National Cricket League T20
- Countries: Bangladesh
- Administrator: Bangladesh Cricket Board
- First edition: 2010
- Latest edition: 2024–25
- Next edition: 2025–26
- Number of teams: 8
- Current champion: Rangpur Division (1st title)
- 2025–26

= National Cricket League Twenty20 =

Bangladeshi Cricket Tournament

The National Cricket League Twenty20 is a Twenty20 Cricket competition element of the National Cricket League. The tournament is organised by the Bangladesh Cricket Board. The eight teams representing eight of the divisions of Bangladesh.

==Background==
The National Cricket League Twenty20 aims to foster the growth of domestic T20 cricket in Bangladesh, providing a platform for young and emerging cricketers to showcase their talent.

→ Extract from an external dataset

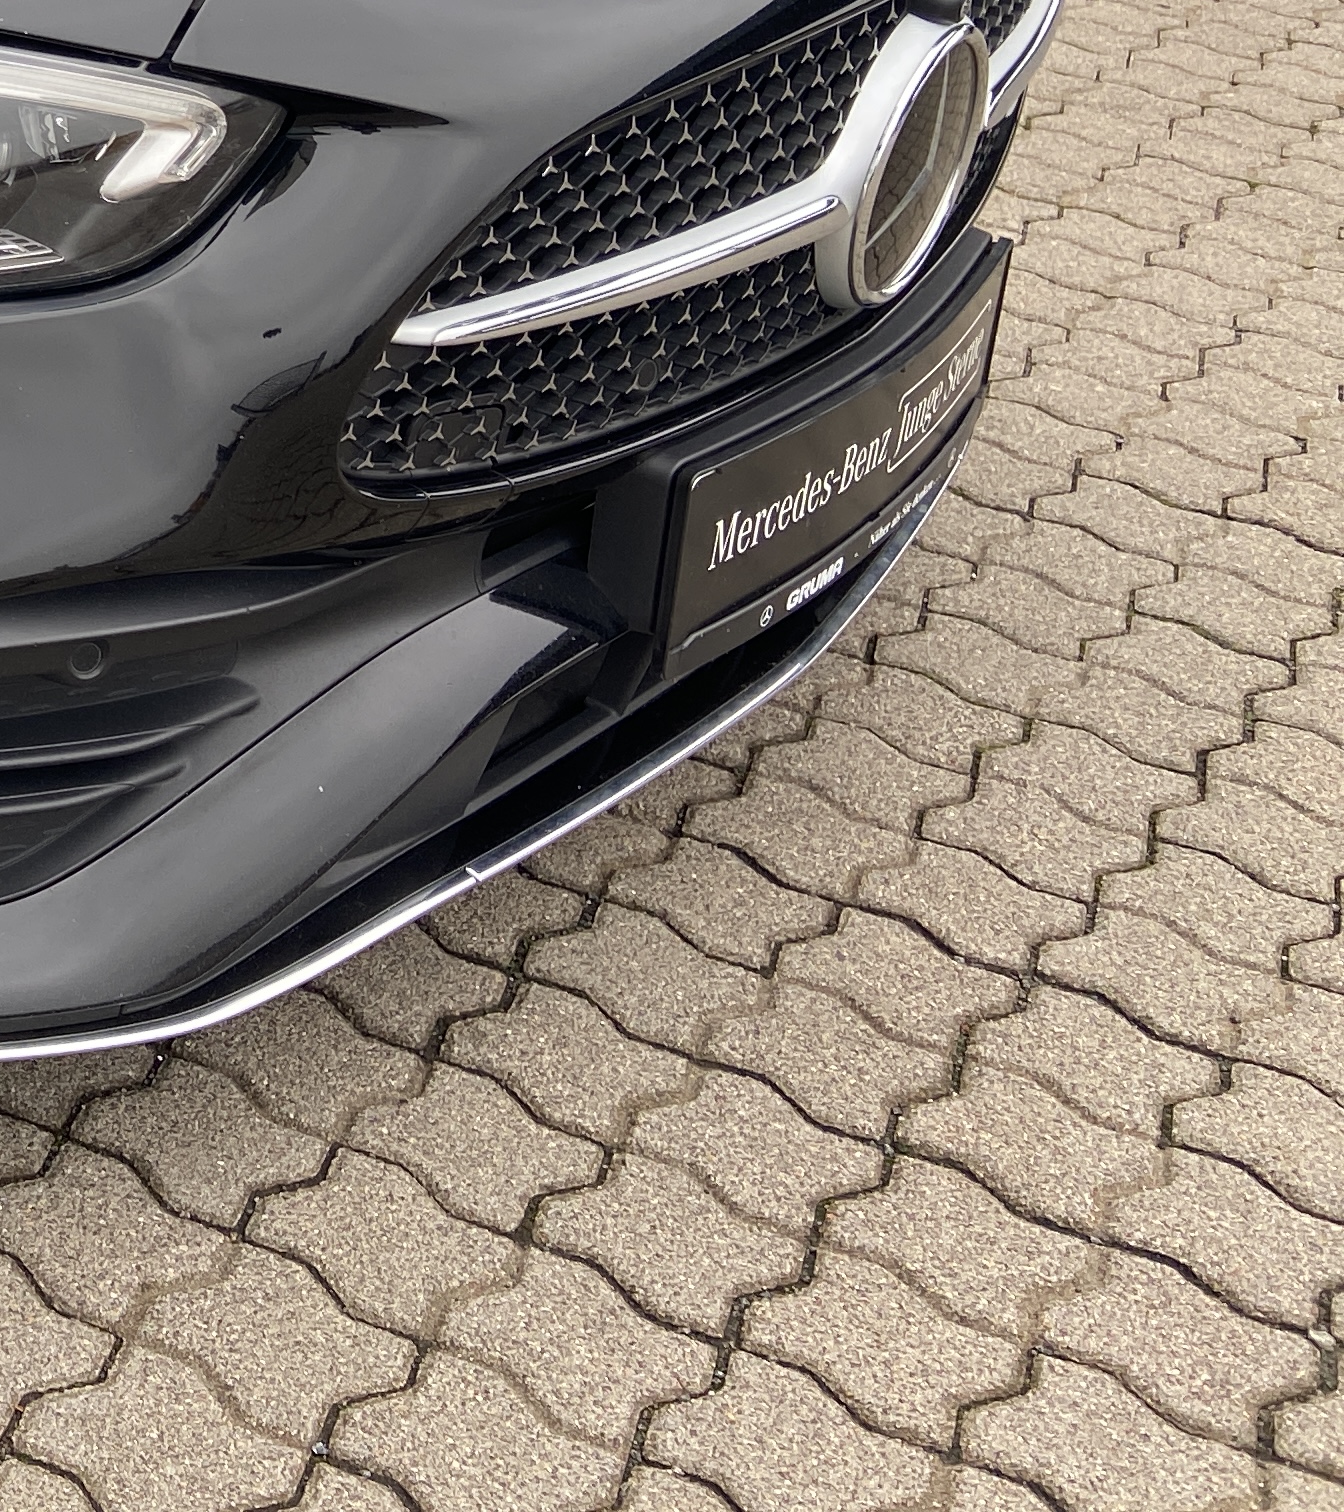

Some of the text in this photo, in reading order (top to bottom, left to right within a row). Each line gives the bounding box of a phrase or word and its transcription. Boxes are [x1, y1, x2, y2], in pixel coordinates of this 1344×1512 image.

[707, 427, 892, 571] Mercedes-Benz
[892, 380, 944, 458] Junge
[786, 556, 844, 611] GRUMA

The tournament, which follows a round-robin format leading to knockout stages, has drawn significant attention from local fans and stakeholders, looking forward to seeing future stars of Bangladesh cricket. In addition to its role in the national selection process, the NCL T20 has also garnered interest from various franchise leagues, positioning it as an essential part of the Bangladesh Cricket Board's (BCB) strategy to build a strong T20 ecosystem in the country. The competition is seen as a critical component in developing Bangladesh's readiness for international T20 tournaments such as the ICC Men's T20 World Cup.

==Teams==
Eight teams were participated in the tournament. The teams are listed below.
1. Barisal Division
2. Chittagong Division
3. Dhaka Division
4. Khulna Division
5. Mymensingh Division
6. Rajshahi Division
7. Rangpur Division
8. Sylhet Division

Defunct team: Dhaka Metropolis

==Venues==
- All matches are scheduled to be played across these three venues.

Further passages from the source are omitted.